● **ABOUT THIS EXERCISE**
Take the data that follows and return it exactly.

........

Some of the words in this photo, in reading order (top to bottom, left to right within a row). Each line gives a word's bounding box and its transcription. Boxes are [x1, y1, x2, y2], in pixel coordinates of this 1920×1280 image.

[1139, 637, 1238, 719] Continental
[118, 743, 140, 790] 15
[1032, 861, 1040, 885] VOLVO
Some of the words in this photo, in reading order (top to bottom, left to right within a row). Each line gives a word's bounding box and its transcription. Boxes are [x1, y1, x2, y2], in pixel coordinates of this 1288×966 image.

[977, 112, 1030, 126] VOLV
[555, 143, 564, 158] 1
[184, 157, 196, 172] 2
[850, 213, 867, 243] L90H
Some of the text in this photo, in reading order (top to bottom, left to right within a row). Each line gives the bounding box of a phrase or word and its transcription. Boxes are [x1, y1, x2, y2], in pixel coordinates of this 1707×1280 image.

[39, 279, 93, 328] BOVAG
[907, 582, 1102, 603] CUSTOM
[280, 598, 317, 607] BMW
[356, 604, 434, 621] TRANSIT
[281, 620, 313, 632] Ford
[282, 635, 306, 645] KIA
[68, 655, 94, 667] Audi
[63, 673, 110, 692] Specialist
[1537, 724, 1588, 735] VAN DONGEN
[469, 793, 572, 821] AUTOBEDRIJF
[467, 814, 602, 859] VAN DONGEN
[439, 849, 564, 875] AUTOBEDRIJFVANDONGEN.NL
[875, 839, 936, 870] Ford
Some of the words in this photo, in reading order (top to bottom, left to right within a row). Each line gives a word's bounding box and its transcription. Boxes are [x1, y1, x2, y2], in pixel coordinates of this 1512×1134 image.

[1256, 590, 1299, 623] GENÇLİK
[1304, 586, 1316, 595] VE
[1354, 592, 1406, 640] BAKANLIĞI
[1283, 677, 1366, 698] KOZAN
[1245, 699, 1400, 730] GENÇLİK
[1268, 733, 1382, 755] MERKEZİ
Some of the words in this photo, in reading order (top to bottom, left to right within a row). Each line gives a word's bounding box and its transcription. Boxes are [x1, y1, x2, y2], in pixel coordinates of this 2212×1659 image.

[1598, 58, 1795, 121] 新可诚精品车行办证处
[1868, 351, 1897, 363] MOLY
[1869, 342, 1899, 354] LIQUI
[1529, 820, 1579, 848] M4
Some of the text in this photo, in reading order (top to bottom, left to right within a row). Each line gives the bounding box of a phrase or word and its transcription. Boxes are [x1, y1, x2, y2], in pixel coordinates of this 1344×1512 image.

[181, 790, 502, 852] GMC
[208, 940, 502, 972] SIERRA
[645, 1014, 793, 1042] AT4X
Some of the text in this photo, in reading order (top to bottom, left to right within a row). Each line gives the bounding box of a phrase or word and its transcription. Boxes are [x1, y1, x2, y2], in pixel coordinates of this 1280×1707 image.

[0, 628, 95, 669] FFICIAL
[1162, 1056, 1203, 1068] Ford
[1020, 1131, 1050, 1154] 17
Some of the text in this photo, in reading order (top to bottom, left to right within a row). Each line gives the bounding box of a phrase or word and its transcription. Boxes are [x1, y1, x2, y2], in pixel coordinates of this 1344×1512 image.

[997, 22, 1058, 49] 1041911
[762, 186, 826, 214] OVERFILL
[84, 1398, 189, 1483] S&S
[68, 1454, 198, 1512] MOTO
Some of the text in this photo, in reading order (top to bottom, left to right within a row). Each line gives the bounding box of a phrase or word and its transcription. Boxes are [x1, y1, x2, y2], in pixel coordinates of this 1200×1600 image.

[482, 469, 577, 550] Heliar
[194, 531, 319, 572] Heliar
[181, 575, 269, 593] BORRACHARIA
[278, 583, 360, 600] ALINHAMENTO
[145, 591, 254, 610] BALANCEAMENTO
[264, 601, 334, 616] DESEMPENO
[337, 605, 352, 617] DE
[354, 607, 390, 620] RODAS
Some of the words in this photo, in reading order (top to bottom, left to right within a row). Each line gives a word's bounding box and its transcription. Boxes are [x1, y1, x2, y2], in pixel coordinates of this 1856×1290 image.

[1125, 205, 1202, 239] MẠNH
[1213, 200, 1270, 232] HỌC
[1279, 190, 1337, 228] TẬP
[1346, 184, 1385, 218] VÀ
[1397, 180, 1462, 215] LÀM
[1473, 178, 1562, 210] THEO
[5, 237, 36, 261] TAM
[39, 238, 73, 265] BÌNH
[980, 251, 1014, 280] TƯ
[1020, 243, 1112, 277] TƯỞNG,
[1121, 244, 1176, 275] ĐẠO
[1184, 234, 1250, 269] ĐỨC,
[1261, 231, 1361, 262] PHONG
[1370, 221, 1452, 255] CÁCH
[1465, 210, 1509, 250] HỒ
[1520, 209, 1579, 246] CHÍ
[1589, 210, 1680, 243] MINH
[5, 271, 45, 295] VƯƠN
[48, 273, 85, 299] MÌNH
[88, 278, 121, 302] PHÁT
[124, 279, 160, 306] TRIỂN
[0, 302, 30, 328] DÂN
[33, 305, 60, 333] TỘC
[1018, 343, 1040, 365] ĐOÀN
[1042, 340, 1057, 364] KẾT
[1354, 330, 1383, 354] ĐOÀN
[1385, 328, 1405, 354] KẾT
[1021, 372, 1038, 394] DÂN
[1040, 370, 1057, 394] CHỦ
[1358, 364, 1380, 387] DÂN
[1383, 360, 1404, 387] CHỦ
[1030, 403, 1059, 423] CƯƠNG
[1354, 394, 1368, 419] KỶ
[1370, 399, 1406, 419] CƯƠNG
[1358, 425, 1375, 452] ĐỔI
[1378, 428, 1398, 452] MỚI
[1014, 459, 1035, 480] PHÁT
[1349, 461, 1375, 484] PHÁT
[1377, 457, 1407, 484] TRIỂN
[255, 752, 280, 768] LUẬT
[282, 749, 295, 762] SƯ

........

● **SOLUTION FOR THIS EXERCISE**
Some of the words in this photo, in reading order (top to bottom, left to right within a row). Each line gives a word's bounding box and its transcription. Boxes are [x1, y1, x2, y2], in pixel coordinates of this 1920×1280 image.

[1139, 637, 1238, 719] Continental
[118, 743, 140, 790] 15
[1032, 861, 1040, 885] VOLVO
Some of the words in this photo, in reading order (top to bottom, left to right within a row). Each line gives a word's bounding box and its transcription. Boxes are [x1, y1, x2, y2], in pixel coordinates of this 1288×966 image.

[977, 112, 1030, 126] VOLV
[555, 143, 564, 158] 1
[184, 157, 196, 172] 2
[850, 213, 867, 243] L90H
Some of the text in this photo, in reading order (top to bottom, left to right within a row). Each line gives the bounding box of a phrase or word and its transcription. Boxes are [x1, y1, x2, y2], in pixel coordinates of this 1707×1280 image.

[39, 279, 93, 328] BOVAG
[907, 582, 1102, 603] CUSTOM
[280, 598, 317, 607] BMW
[356, 604, 434, 621] TRANSIT
[281, 620, 313, 632] Ford
[282, 635, 306, 645] KIA
[68, 655, 94, 667] Audi
[63, 673, 110, 692] Specialist
[1537, 724, 1588, 735] VAN DONGEN
[469, 793, 572, 821] AUTOBEDRIJF
[467, 814, 602, 859] VAN DONGEN
[439, 849, 564, 875] AUTOBEDRIJFVANDONGEN.NL
[875, 839, 936, 870] Ford
Some of the words in this photo, in reading order (top to bottom, left to right within a row). Each line gives a word's bounding box and its transcription. Boxes are [x1, y1, x2, y2], in pixel coordinates of this 1512×1134 image.

[1256, 590, 1299, 623] GENÇLİK
[1304, 586, 1316, 595] VE
[1354, 592, 1406, 640] BAKANLIĞI
[1283, 677, 1366, 698] KOZAN
[1245, 699, 1400, 730] GENÇLİK
[1268, 733, 1382, 755] MERKEZİ
Some of the words in this photo, in reading order (top to bottom, left to right within a row). Each line gives a word's bounding box and its transcription. Boxes are [x1, y1, x2, y2], in pixel coordinates of this 2212×1659 image.

[1598, 58, 1795, 121] 新可诚精品车行办证处
[1868, 351, 1897, 363] MOLY
[1869, 342, 1899, 354] LIQUI
[1529, 820, 1579, 848] M4
Some of the text in this photo, in reading order (top to bottom, left to right within a row). Each line gives the bounding box of a phrase or word and its transcription. Boxes are [x1, y1, x2, y2], in pixel coordinates of this 1344×1512 image.

[181, 790, 502, 852] GMC
[208, 940, 502, 972] SIERRA
[645, 1014, 793, 1042] AT4X
Some of the text in this photo, in reading order (top to bottom, left to right within a row). Each line gives the bounding box of a phrase or word and its transcription. Boxes are [x1, y1, x2, y2], in pixel coordinates of this 1280×1707 image.

[0, 628, 95, 669] FFICIAL
[1162, 1056, 1203, 1068] Ford
[1020, 1131, 1050, 1154] 17
Some of the text in this photo, in reading order (top to bottom, left to right within a row). Each line gives the bounding box of a phrase or word and its transcription. Boxes are [x1, y1, x2, y2], in pixel coordinates of this 1344×1512 image.

[997, 22, 1058, 49] 1041911
[762, 186, 826, 214] OVERFILL
[84, 1398, 189, 1483] S&S
[68, 1454, 198, 1512] MOTO
Some of the text in this photo, in reading order (top to bottom, left to right within a row). Each line gives the bounding box of a phrase or word and its transcription. Boxes are [x1, y1, x2, y2], in pixel coordinates of this 1200×1600 image.

[482, 469, 577, 550] Heliar
[194, 531, 319, 572] Heliar
[181, 575, 269, 593] BORRACHARIA
[278, 583, 360, 600] ALINHAMENTO
[145, 591, 254, 610] BALANCEAMENTO
[264, 601, 334, 616] DESEMPENO
[337, 605, 352, 617] DE
[354, 607, 390, 620] RODAS
Some of the words in this photo, in reading order (top to bottom, left to right within a row). Each line gives a word's bounding box and its transcription. Boxes are [x1, y1, x2, y2], in pixel coordinates of this 1856×1290 image.

[1125, 205, 1202, 239] MẠNH
[1213, 200, 1270, 232] HỌC
[1279, 190, 1337, 228] TẬP
[1346, 184, 1385, 218] VÀ
[1397, 180, 1462, 215] LÀM
[1473, 178, 1562, 210] THEO
[5, 237, 36, 261] TAM
[39, 238, 73, 265] BÌNH
[980, 251, 1014, 280] TƯ
[1020, 243, 1112, 277] TƯỞNG,
[1121, 244, 1176, 275] ĐẠO
[1184, 234, 1250, 269] ĐỨC,
[1261, 231, 1361, 262] PHONG
[1370, 221, 1452, 255] CÁCH
[1465, 210, 1509, 250] HỒ
[1520, 209, 1579, 246] CHÍ
[1589, 210, 1680, 243] MINH
[5, 271, 45, 295] VƯƠN
[48, 273, 85, 299] MÌNH
[88, 278, 121, 302] PHÁT
[124, 279, 160, 306] TRIỂN
[0, 302, 30, 328] DÂN
[33, 305, 60, 333] TỘC
[1018, 343, 1040, 365] ĐOÀN
[1042, 340, 1057, 364] KẾT
[1354, 330, 1383, 354] ĐOÀN
[1385, 328, 1405, 354] KẾT
[1021, 372, 1038, 394] DÂN
[1040, 370, 1057, 394] CHỦ
[1358, 364, 1380, 387] DÂN
[1383, 360, 1404, 387] CHỦ
[1030, 403, 1059, 423] CƯƠNG
[1354, 394, 1368, 419] KỶ
[1370, 399, 1406, 419] CƯƠNG
[1358, 425, 1375, 452] ĐỔI
[1378, 428, 1398, 452] MỚI
[1014, 459, 1035, 480] PHÁT
[1349, 461, 1375, 484] PHÁT
[1377, 457, 1407, 484] TRIỂN
[255, 752, 280, 768] LUẬT
[282, 749, 295, 762] SƯ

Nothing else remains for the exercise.